To facilitate accessing storage locations in a memory array, the word lines of the memory array may be coupled to row select (e.g., decoder) circuitry and the amplifier circuitry, which is coupled to the bit lines of the memory array, may be coupled to column select (e.g., decoder) circuitry. For example, to enable (e.g., provide) access to storage locations in a specific memory page, the row select circuitry may activate the memory page by outputting an activation (e.g., logic high) control signal to a corresponding word line. Additionally, before activating a memory page in its deactivated state, in some instances, the row select circuitry may pre-charge the memory page, for example, by outputting a pre-charge control signal to a corresponding word line. Furthermore, to enable access to a specific data block storage location in an activated memory page, the column select circuitry may output a column select (e.g., logic high) control signal to corresponding amplifier circuitry, thereby enabling (e.g., instructing) the amplifier circuitry to write (e.g., store) a data block to the specific data block storage location and/or to read (e.g., retrieve or load) a data block currently stored at the specific data block storage location.

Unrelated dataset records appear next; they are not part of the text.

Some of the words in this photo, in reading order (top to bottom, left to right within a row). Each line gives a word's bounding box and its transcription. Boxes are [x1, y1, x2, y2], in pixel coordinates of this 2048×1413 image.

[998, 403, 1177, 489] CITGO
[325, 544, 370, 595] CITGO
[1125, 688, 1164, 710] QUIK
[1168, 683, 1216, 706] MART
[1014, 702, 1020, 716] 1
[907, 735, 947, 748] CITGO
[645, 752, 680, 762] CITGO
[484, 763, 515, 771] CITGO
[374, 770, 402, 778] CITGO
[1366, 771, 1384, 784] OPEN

In some instances, a processor-side (e.g., host) of a computing system may request access to a storage location (e.g., memory address) in a memory sub-system via one or more memory access requests, which indicate access parameters to be used by the memory sub-system. For example, to store (e.g., write) a data block to the memory sub-system, the processor-side of the computing system may output a write memory access request that indicates one or more write access parameters, such as a virtual memory address used by processing circuitry to identify the data block, a physical memory address (e.g., row address and column address pairing) in the memory sub-system at which the data block is to be stored, size (e.g., bit depth) of the data block, and/or a write enable indicator (e.g., bit). Additionally or alternatively, to retrieve (e.g., read) a data block from the memory sub-system, the processor-side of the computing system may output a read memory access request that indicates read access parameters, such as a virtual memory address used by processing circuitry to identify the data block, a physical memory address (e.g., row address and column address pairing) in the memory sub-system at which the data block is expected to be stored, size (e.g., bit depth) of the data block, and/or a read enable indicator (e.g., bit).

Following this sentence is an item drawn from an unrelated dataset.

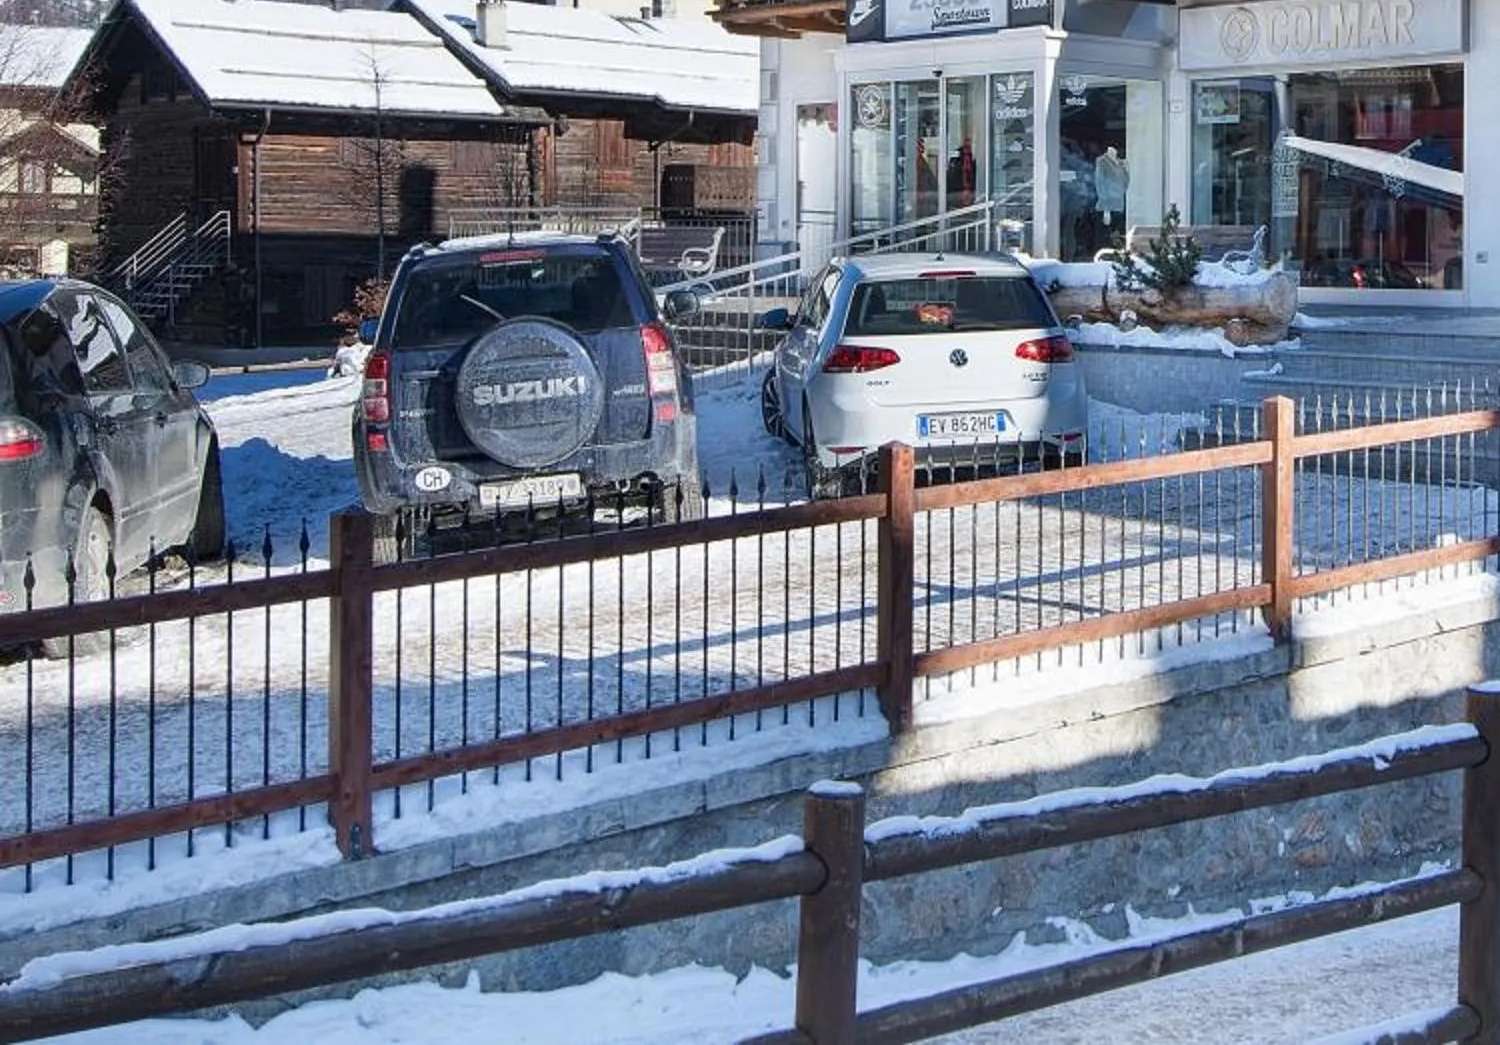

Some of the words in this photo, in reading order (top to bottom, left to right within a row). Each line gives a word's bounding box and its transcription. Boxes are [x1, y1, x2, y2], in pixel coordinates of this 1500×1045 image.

In response to receipt of a read memory access request, a memory sub-system may search for a data block targeted by the read memory access request based at least in part on the read access parameters indicated in the read memory access request. For example, the memory sub-system may determine a target value of a tag (e.g., block identifier) parameter (e.g., metadata) expected to be associated with the target data block based at least in part on a virtual memory address and/or a physical memory address indicated in the read memory access request. Additionally, the memory sub-system may identify (e.g., find) the target data block by successively searching the value of tag parameters associated with valid data blocks stored therein against the target tag parameter value. Once a match is detected, the memory sub-system may identify an associated data block as the target data block and, thus, return the associated data block to the processing sub-system, for example, to enable processing and/or execution by its processing circuitry. Accordingly, at least in some instances, operational efficiency of a computing system may be dependent at least in part on data retrieval latency (e.g., duration before target data is returned) provided by its memory sub-system.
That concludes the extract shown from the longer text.